On February 17, 2015 Seattle Genetics reported of the initiation of a phase 1 clinical trial of SEA-CD40 for multiple types of advanced solid tumors (Press release Seattle Genetics, FEB 17, 2015, View Source [SID:1234501637]). SEA-CD40 is a novel investigational immuno-oncology agent targeted to CD40, a widely expressed stimulatory receptor found on antigen-presenting cells (APCs) which play a role in immune cell activation. SEA-CD40 utilizes Seattle Genetics’ proprietary sugar-engineered antibody (SEA) technology to produce a non-fucosylated antibody targeting CD40. Preclinical data show that SEA-CD40 stimulates the immune system to fight cancer.
“We are pleased to advance our SEA-CD40 immuno-oncology program into the clinic to evaluate it broadly in multiple types of solid tumors,” said Clay B. Siegall, Ph.D., President and Chief Executive Officer of Seattle Genetics. “Our proprietary SEA technology builds on our expertise in empowered, targeted approaches for the treatment of cancer and represents a novel technology designed to increase the potency of monoclonal antibodies through glycoengineering which may lead to an improved antitumor immune response. We look forward to data from the phase 1 trial.”

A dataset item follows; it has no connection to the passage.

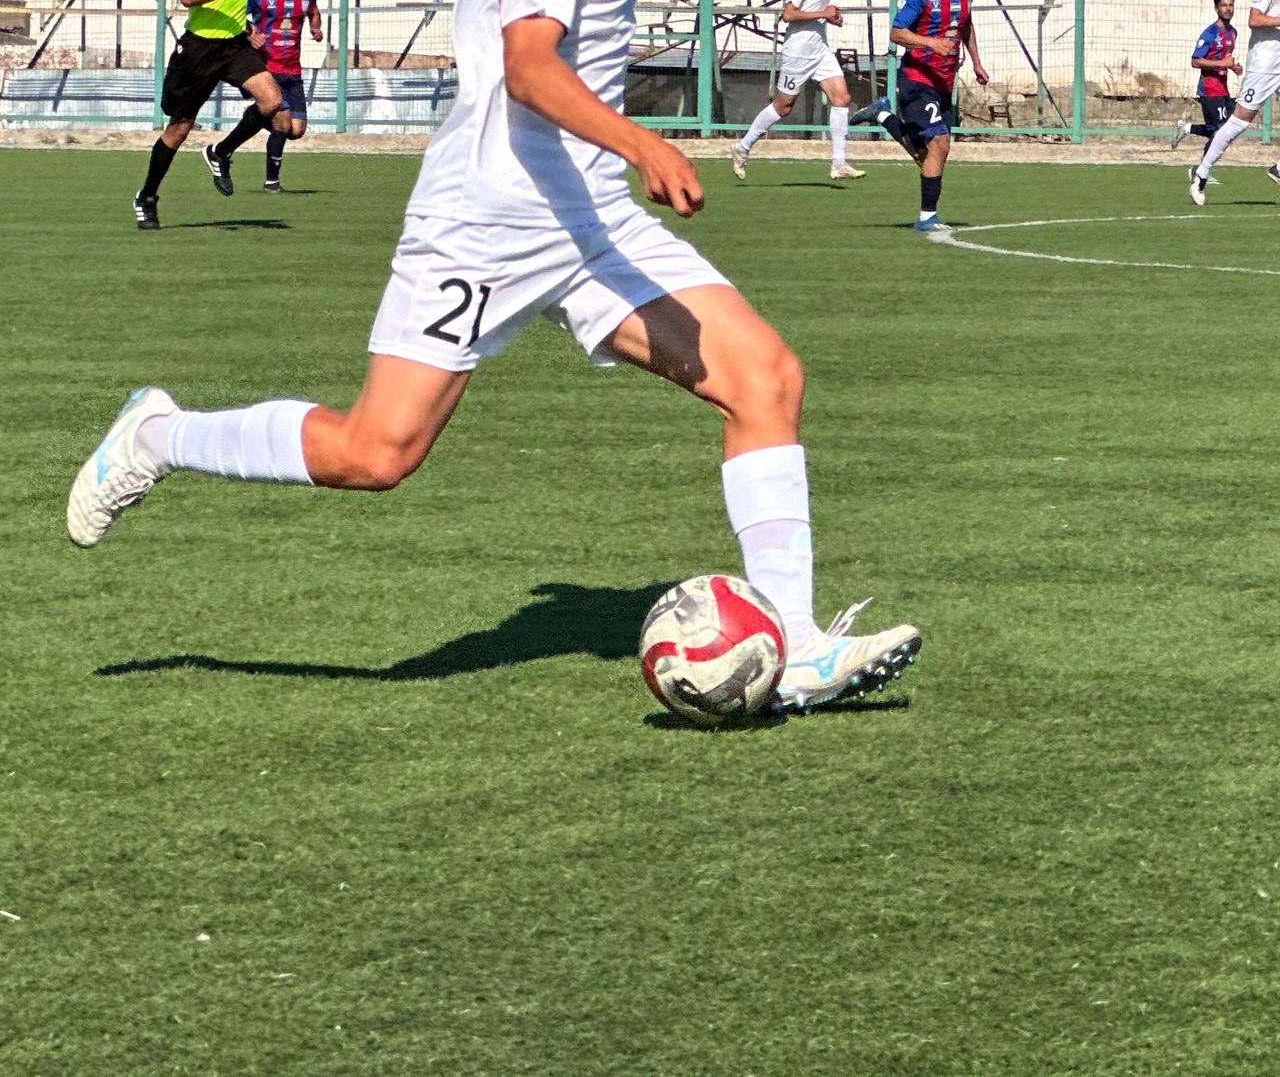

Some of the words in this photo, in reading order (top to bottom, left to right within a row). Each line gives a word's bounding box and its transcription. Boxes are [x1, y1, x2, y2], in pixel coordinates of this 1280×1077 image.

[782, 75, 796, 91] 16
[1244, 88, 1255, 103] 8
[423, 277, 492, 348] 21

The study is a phase 1, open-label, multi-center, dose-escalation clinical trial of SEA-CD40 in patients with advanced solid tumors who have failed current standard of care treatments. Expansion cohorts are planned to evaluate SEA-CD40 across up to three cancer indications that will be determined based on data from the dose escalation portion of the study. The primary endpoints are determination of the maximum tolerated dose (MTD) and safety profile of SEA-CD40. In addition, the trial will evaluate antitumor activity, pharmacokinetics and immunological pharmacodynamic effects. The phase 1 trial will enroll approximately 50 patients during dose escalation and up to 90 patients in the expansion cohorts at multiple centers in the United States.